_Supplied records_.
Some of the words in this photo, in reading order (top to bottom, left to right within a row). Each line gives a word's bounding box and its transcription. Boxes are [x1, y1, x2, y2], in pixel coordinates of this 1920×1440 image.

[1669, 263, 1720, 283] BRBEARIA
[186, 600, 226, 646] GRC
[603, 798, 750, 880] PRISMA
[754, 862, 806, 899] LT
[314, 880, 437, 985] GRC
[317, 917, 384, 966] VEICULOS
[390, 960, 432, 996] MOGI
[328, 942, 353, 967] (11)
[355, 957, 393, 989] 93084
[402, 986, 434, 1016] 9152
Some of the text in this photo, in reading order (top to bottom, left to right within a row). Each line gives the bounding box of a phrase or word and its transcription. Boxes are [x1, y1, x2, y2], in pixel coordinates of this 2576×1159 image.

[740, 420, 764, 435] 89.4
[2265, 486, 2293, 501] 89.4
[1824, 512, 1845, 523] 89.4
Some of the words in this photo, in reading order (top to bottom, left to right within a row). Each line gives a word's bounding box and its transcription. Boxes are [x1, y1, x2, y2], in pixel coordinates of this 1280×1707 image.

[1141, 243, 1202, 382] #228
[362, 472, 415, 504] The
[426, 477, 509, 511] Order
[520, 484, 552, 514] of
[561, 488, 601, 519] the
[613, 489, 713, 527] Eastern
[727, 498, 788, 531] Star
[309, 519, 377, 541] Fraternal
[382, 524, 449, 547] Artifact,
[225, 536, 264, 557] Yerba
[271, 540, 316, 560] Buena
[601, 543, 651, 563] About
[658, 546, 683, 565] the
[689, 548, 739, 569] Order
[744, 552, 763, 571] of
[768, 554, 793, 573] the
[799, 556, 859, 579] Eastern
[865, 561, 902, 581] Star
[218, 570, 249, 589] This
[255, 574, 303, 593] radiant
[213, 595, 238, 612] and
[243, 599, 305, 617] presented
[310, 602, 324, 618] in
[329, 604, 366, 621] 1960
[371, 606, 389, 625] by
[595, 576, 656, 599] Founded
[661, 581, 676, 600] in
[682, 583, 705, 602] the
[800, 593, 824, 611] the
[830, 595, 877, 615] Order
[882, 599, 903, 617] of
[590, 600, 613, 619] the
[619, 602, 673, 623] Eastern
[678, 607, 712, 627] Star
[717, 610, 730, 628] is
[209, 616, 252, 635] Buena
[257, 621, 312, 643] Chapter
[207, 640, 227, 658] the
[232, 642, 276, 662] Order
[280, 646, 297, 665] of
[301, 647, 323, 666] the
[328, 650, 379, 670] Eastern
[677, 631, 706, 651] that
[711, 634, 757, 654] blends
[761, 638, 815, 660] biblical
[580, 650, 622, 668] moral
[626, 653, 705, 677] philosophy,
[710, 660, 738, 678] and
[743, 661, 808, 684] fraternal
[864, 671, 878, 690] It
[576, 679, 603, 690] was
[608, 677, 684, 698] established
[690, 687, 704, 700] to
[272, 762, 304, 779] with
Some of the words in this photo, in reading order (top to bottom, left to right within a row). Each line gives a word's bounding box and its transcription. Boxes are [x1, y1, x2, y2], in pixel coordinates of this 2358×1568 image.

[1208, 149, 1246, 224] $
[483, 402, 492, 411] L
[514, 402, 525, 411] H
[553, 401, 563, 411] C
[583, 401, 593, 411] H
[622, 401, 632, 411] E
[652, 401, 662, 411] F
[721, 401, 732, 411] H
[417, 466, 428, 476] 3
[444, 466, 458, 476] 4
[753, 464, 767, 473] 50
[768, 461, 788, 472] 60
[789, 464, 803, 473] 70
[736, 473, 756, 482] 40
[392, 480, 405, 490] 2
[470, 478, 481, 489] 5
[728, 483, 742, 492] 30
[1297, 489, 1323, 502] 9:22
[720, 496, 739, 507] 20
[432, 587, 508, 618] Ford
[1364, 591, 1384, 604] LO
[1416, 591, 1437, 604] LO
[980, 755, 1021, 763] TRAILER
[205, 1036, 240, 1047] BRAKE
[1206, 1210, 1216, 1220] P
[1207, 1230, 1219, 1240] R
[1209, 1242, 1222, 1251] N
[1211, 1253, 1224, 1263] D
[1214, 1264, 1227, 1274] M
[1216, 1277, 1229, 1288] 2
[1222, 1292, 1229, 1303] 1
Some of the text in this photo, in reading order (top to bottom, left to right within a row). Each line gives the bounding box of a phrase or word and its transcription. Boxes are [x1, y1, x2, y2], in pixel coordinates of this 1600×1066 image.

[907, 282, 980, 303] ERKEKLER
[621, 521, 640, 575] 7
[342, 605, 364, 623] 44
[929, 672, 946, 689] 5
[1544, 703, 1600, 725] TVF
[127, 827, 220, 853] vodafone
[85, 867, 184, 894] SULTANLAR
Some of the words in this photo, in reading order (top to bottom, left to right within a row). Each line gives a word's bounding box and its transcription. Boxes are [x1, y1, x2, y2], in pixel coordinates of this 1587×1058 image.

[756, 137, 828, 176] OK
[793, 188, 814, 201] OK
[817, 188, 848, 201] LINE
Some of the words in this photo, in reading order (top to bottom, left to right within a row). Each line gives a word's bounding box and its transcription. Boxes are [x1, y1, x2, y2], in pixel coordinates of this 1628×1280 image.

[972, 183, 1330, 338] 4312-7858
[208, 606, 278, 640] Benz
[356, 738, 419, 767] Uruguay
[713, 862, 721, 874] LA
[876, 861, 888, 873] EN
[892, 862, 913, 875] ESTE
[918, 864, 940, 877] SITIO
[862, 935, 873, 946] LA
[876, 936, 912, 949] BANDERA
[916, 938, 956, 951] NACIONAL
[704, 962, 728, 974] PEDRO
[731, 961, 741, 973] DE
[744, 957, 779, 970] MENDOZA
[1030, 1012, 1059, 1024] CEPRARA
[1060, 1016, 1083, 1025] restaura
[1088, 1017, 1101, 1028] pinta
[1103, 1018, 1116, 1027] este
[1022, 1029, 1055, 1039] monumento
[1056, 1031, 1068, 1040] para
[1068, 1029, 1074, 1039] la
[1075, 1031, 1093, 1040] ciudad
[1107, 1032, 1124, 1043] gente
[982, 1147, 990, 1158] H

_Task instructions_.
Return the records in their entirety. Keep every character as it is.

_Written response_.
Some of the words in this photo, in reading order (top to bottom, left to right within a row). Each line gives a word's bounding box and its transcription. Boxes are [x1, y1, x2, y2], in pixel coordinates of this 1920×1440 image.

[1669, 263, 1720, 283] BRBEARIA
[186, 600, 226, 646] GRC
[603, 798, 750, 880] PRISMA
[754, 862, 806, 899] LT
[314, 880, 437, 985] GRC
[317, 917, 384, 966] VEICULOS
[390, 960, 432, 996] MOGI
[328, 942, 353, 967] (11)
[355, 957, 393, 989] 93084
[402, 986, 434, 1016] 9152
Some of the text in this photo, in reading order (top to bottom, left to right within a row). Each line gives the bounding box of a phrase or word and its transcription. Boxes are [x1, y1, x2, y2], in pixel coordinates of this 2576×1159 image.

[740, 420, 764, 435] 89.4
[2265, 486, 2293, 501] 89.4
[1824, 512, 1845, 523] 89.4
Some of the words in this photo, in reading order (top to bottom, left to right within a row). Each line gives a word's bounding box and its transcription. Boxes are [x1, y1, x2, y2], in pixel coordinates of this 1280×1707 image.

[1141, 243, 1202, 382] #228
[362, 472, 415, 504] The
[426, 477, 509, 511] Order
[520, 484, 552, 514] of
[561, 488, 601, 519] the
[613, 489, 713, 527] Eastern
[727, 498, 788, 531] Star
[309, 519, 377, 541] Fraternal
[382, 524, 449, 547] Artifact,
[225, 536, 264, 557] Yerba
[271, 540, 316, 560] Buena
[601, 543, 651, 563] About
[658, 546, 683, 565] the
[689, 548, 739, 569] Order
[744, 552, 763, 571] of
[768, 554, 793, 573] the
[799, 556, 859, 579] Eastern
[865, 561, 902, 581] Star
[218, 570, 249, 589] This
[255, 574, 303, 593] radiant
[213, 595, 238, 612] and
[243, 599, 305, 617] presented
[310, 602, 324, 618] in
[329, 604, 366, 621] 1960
[371, 606, 389, 625] by
[595, 576, 656, 599] Founded
[661, 581, 676, 600] in
[682, 583, 705, 602] the
[800, 593, 824, 611] the
[830, 595, 877, 615] Order
[882, 599, 903, 617] of
[590, 600, 613, 619] the
[619, 602, 673, 623] Eastern
[678, 607, 712, 627] Star
[717, 610, 730, 628] is
[209, 616, 252, 635] Buena
[257, 621, 312, 643] Chapter
[207, 640, 227, 658] the
[232, 642, 276, 662] Order
[280, 646, 297, 665] of
[301, 647, 323, 666] the
[328, 650, 379, 670] Eastern
[677, 631, 706, 651] that
[711, 634, 757, 654] blends
[761, 638, 815, 660] biblical
[580, 650, 622, 668] moral
[626, 653, 705, 677] philosophy,
[710, 660, 738, 678] and
[743, 661, 808, 684] fraternal
[864, 671, 878, 690] It
[576, 679, 603, 690] was
[608, 677, 684, 698] established
[690, 687, 704, 700] to
[272, 762, 304, 779] with
Some of the words in this photo, in reading order (top to bottom, left to right within a row). Each line gives a word's bounding box and its transcription. Boxes are [x1, y1, x2, y2], in pixel coordinates of this 2358×1568 image.

[1208, 149, 1246, 224] $
[483, 402, 492, 411] L
[514, 402, 525, 411] H
[553, 401, 563, 411] C
[583, 401, 593, 411] H
[622, 401, 632, 411] E
[652, 401, 662, 411] F
[721, 401, 732, 411] H
[417, 466, 428, 476] 3
[444, 466, 458, 476] 4
[753, 464, 767, 473] 50
[768, 461, 788, 472] 60
[789, 464, 803, 473] 70
[736, 473, 756, 482] 40
[392, 480, 405, 490] 2
[470, 478, 481, 489] 5
[728, 483, 742, 492] 30
[1297, 489, 1323, 502] 9:22
[720, 496, 739, 507] 20
[432, 587, 508, 618] Ford
[1364, 591, 1384, 604] LO
[1416, 591, 1437, 604] LO
[980, 755, 1021, 763] TRAILER
[205, 1036, 240, 1047] BRAKE
[1206, 1210, 1216, 1220] P
[1207, 1230, 1219, 1240] R
[1209, 1242, 1222, 1251] N
[1211, 1253, 1224, 1263] D
[1214, 1264, 1227, 1274] M
[1216, 1277, 1229, 1288] 2
[1222, 1292, 1229, 1303] 1
Some of the text in this photo, in reading order (top to bottom, left to right within a row). Each line gives the bounding box of a phrase or word and its transcription. Boxes are [x1, y1, x2, y2], in pixel coordinates of this 1600×1066 image.

[907, 282, 980, 303] ERKEKLER
[621, 521, 640, 575] 7
[342, 605, 364, 623] 44
[929, 672, 946, 689] 5
[1544, 703, 1600, 725] TVF
[127, 827, 220, 853] vodafone
[85, 867, 184, 894] SULTANLAR
Some of the words in this photo, in reading order (top to bottom, left to right within a row). Each line gives a word's bounding box and its transcription. Boxes are [x1, y1, x2, y2], in pixel coordinates of this 1587×1058 image.

[756, 137, 828, 176] OK
[793, 188, 814, 201] OK
[817, 188, 848, 201] LINE
Some of the words in this photo, in reading order (top to bottom, left to right within a row). Each line gives a word's bounding box and its transcription. Boxes are [x1, y1, x2, y2], in pixel coordinates of this 1628×1280 image.

[972, 183, 1330, 338] 4312-7858
[208, 606, 278, 640] Benz
[356, 738, 419, 767] Uruguay
[713, 862, 721, 874] LA
[876, 861, 888, 873] EN
[892, 862, 913, 875] ESTE
[918, 864, 940, 877] SITIO
[862, 935, 873, 946] LA
[876, 936, 912, 949] BANDERA
[916, 938, 956, 951] NACIONAL
[704, 962, 728, 974] PEDRO
[731, 961, 741, 973] DE
[744, 957, 779, 970] MENDOZA
[1030, 1012, 1059, 1024] CEPRARA
[1060, 1016, 1083, 1025] restaura
[1088, 1017, 1101, 1028] pinta
[1103, 1018, 1116, 1027] este
[1022, 1029, 1055, 1039] monumento
[1056, 1031, 1068, 1040] para
[1068, 1029, 1074, 1039] la
[1075, 1031, 1093, 1040] ciudad
[1107, 1032, 1124, 1043] gente
[982, 1147, 990, 1158] H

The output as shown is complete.